The luxury watch business is built around a scaffolding of history and mystique. When it comes to Swiss watchmaking, nostalgia is one of the most potent tools. From grainy archival images of watches on the wrists of silver-screen stars to the outsize role of timekeeping in sports, watch brands are far from shy in extolling the storied past of their precisely tuned timepieces.
Omega is no different — except that when it comes to its most famous watch, the Speedmaster, truth matches the marketing hype. For many, the Omega Speedmaster is known by another name: the Moonwatch (something the brand itself has now embraced). The simple steel chronograph is synonymous with the golden age of space exploration, a seemingly unassuming watch strapped onto the bulky sleeves of NASA spacesuits. Yet the Omega Speedmaster went from a simple, manually-wound chronograph to one of the most famous watches of all time.

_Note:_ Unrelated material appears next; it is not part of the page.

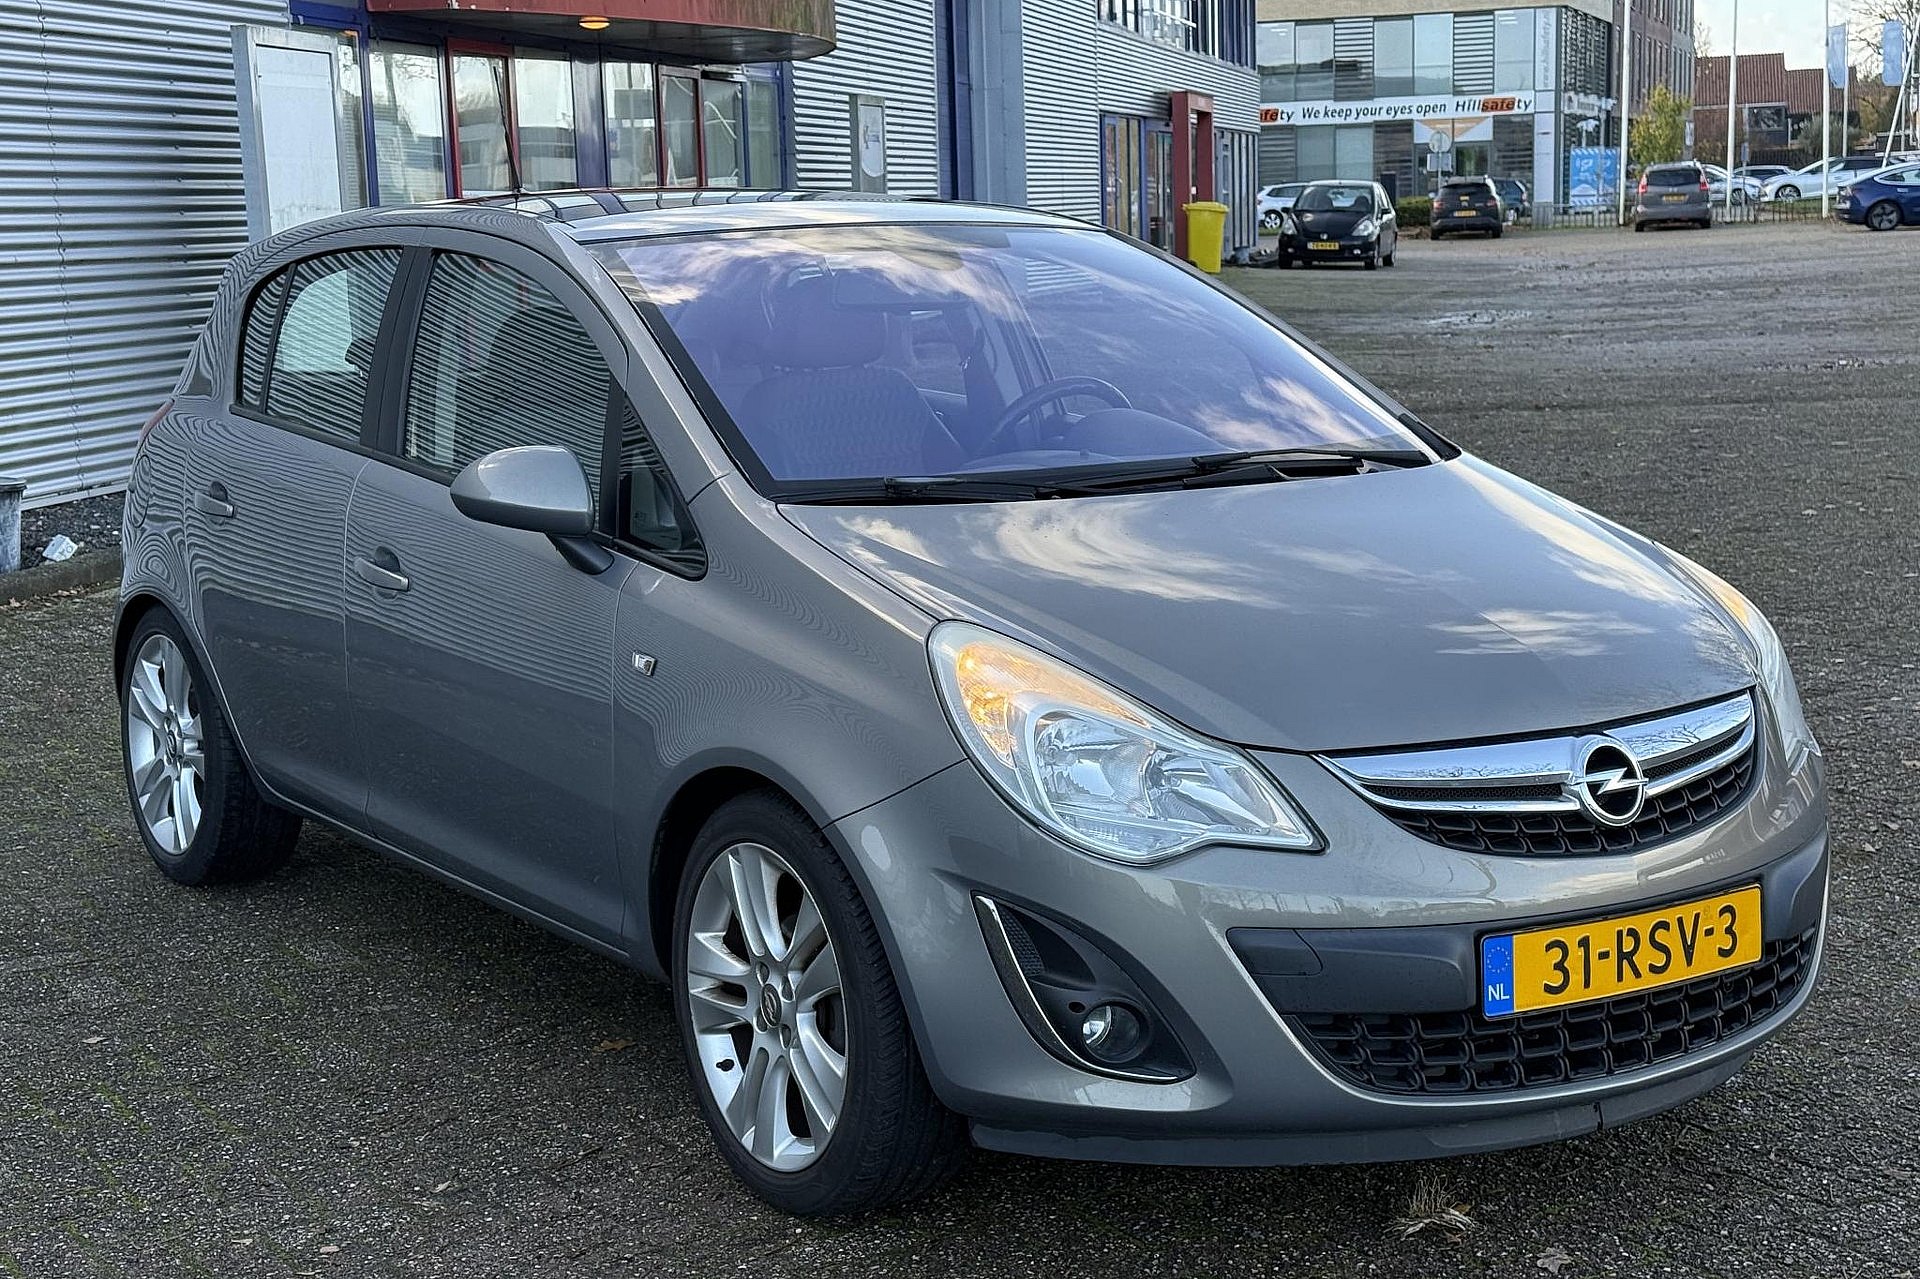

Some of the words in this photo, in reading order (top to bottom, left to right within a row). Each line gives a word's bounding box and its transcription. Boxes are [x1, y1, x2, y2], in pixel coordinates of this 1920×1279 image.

One of the secrets of the Speedmaster’s success is how much the Moonwatch of today looks like the first version of the Speedmaster, which debuted in 1957. This first example looks a little different to today’s Speedmaster, with a solid steel bezel rather than the familiar black tachymeter, and a different set of hands. Other than that, it laid the groundwork for a long-lasting legacy. While the watch industry is full of heritage models, there aren’t too many on the market today that are — from a fundamental design perspective, at least — so utterly unchanged. There’s zero chance that Omega’s core Speedmaster, the black-dialled, steel-cased, manually-wound Moonwatch, is going anywhere or even changing significantly any time soon.

The Speedmaster’s big break came when engineers at NASA tested the Speedmaster and a handful of other chronographs, and deemed in 1965 that only the Omega was “flight-qualified for all manned space missions”. From this point on, the Speedmaster was an essential piece of astronaut kit, famously becoming the first watch on the moon as part of the Apollo 11 mission in 1969, which saw Buzz Aldrin wear his watch while Neil Armstrong left his in the lunar module as a backup timekeeper. In 1970, the Speedmaster was critical in the ill-fated Apollo 13 mission, which saw a stranded crew without the luxury of digital timekeeping rely on their chronographs to time a 14-second engine burn to realign the crippled lunar module for safe re-entry into Earth’s atmosphere. The watch performed as expected and played a crucial role in one of the greatest successful rescues of all time.

These stories are among the many that loom large in the six-decade legend of the Speedmaster, and much is made of the specifics of the watches worn. Collectors and enthusiasts have developed a rich and confusing nomenclature to denote subtle details which make all the difference. There are “alpha” and “lollipop” hands, DON bezels (which literally stands for ‘dot over 90’ on the tachymeter), lyre lugs and other examples of arcane jargon — and that’s before the veritable phone book of reference numbers. Many people find joy in these minutiae; but even if you’re not a hardcore Speedy fan, it’s easy to see how this serious scholarship adds legitimacy to the Speedmaster legacy. It also feeds the great internal paradox of the Speedmaster: there’s a rich vein of diversity in a design that has remained essentially unchanged since the swinging ‘60s.




When asked about the future of the Speedmaster, Omega CEO Raynald Aeschlimann says: “The Speedmaster embodies our pioneering spirit, so its future really could go anywhere. Most importantly, it has such an enduring and timeless design, so we know it can play a role in terms of exploration and style for many generations to come. At Omega, we love to unlock the possibilities of the Speedmaster and help its legacy to grow. The exciting thing is not knowing exactly what its future looks like, but knowing there are still many more chapters to its story.”
Based on this, it’s a safe bet you’ll be able to walk into an Omega boutique in 2057 and buy a watch that is pretty much the same as it was 100 years earlier. But of course, having a long-lasting product with a timeless design presents something of a challenge if you’re in the business of selling watches.

For Omega, the answer — at least in recent years — has been to appeal to its core fanbase’s love of increasingly niche details and iterate on iconic Speedmasters of days gone by. One of this year’s big releases, dubbed the Speedmaster First Omega In Space, is an example of this winning formula. A contemporary reimagining of the reference CK 2998, which was produced between 1959 and 1962 and worn by Walter “Wally” Schirra on the 1962 Sigma 7 spacecraft (making it the first Omega in space), this latest version doesn’t change much in terms of design elements, but rather elevates them into the realm of luxury. This change is most evident on the dial, which is a subtle blue-grey, evoking the tones of some rare 1960s versions. There are plenty of other quality-of-life improvements, like the tapered bracelet with micro-adjustments on the clasp and a remarkably accurate, METAS-certified movement.

For more than 60 years, the Omega Speedmaster has been reliably ticking away. But the cultural impact of this watch is far more than the sum of its parts. It has evolved beyond its origins into a symbol of purpose and ingenuity — shorthand for the wonder of space exploration. For a little watch, it’s a whole lot of legacy.